For a while, it was a weekly tradition for me to discuss the armed robberies and other gun-related crimes that plague Oak Park, IL (a suburb of Chicago that has a longstanding handgun ban.)  After I moved out of the Chicago area, I stopped writing about Oak Park’s ineffective handgun on a weekly basis.  But, as I said when I moved, gun rights for the residents of the Chicagoland area remain a goal of mine.  With that preamble out of the way, I’ll move on to the substance of Oak Park’s recent gun-related crime:

As Bill Dwyer recently reported, Oak Park suffered three armed robberies in as many days, with criminals using guns in two of those robberies:

  • An Oak Park man walking in the alley behind the 700 block of S. Maple was attacked by two criminals who jumped out of a car. One of the attackers ran up behind the man and punched him in the back of the head. When the man fought back, the criminal produced a chrome semiautomatic handgun then robbed the man of $80 and his cell phone. The two robber then got back in their car and escaped.
  • A man in the parking lot behind a Laundromat on the first block of Chicago Avenue was punched from behind and knocked to the ground by an attacker. When the man got up and turned around, another criminal punched him again, displayed a small dark-colored handgun, and robbed the victim of his wallet which contained $92. The robber then fled on foot.
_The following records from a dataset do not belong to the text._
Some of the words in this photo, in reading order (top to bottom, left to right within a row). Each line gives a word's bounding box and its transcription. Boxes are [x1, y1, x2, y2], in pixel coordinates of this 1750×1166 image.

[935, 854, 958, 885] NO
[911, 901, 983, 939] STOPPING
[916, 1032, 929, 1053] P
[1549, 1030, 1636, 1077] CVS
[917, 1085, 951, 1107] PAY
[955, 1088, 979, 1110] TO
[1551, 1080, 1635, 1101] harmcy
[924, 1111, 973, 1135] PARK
Once again, this week’s crime in “gun free” Oak Park shows that passing a law which restricts gun ownership only effects the law abiding citizens, who weren’t going to commit a crime in the first place.  The people who will pistol whip, shoot, carjack, or rob innocent people won’t think twice about some municipal ordinance that tells them they can’t have a gun, just as they disregard the laws that prohibit armed robbery, murder, etc.  As a result, criminals know that Oak Park is where they can go to find unarmed victims, as criminals like easy targets and fear armed citizens who can defend themselves.

I would note that the idea of armed Oak Park citizens being better able to defend themselves that those that are unarmed is not just some hypothetical that I’ve come up with, but rather demonstrated fact.  Over the last year and a half in Oak Park, there have been two reported cases of illegally armed people stopping a racist attacker and stopping an armed robber. These citizens were breaking both state and local laws by carrying a handgun, but by doing so they manged to save themselves from unprovoked and violent attacks.  It is a sad situation when only those willing to break the law are able to defend themselves – and then have to fear prosecution for doing so.

The good news is that in the Spring of 2010, the Supreme Court will hear the case of McDonald v. Chicago, which challenges the Chicago handgun ban as being an unconstitutional violation of the 2nd Amendment to the US Constitution.  I’m pretty confident that the Supreme Court will strike down the Chicago (and Oak Park) handgun bans, putting an end to these ineffective handgun bans that only leave law-abiding victims at the mercy of the gun-ban-ignoring criminals.


As a final matter, I would like to not that the original report by Mr. Dwyer incorrectly called the second armed robber a “thief.”  When I paraphrased the description of that crime, I corrected that reference to “robber.”  Briefly stated, a thief is someone who takes property from the victim without a violent confrontation (e.g. stealing a wallet left out on a table).  A robber, on the other hand, uses violence to take the victim’s property.  Because of its violent nature,
robbery is primarily a crime against the victim’s person, rather than that the victim’s property, and should not be confused with the much less serious crime of theft.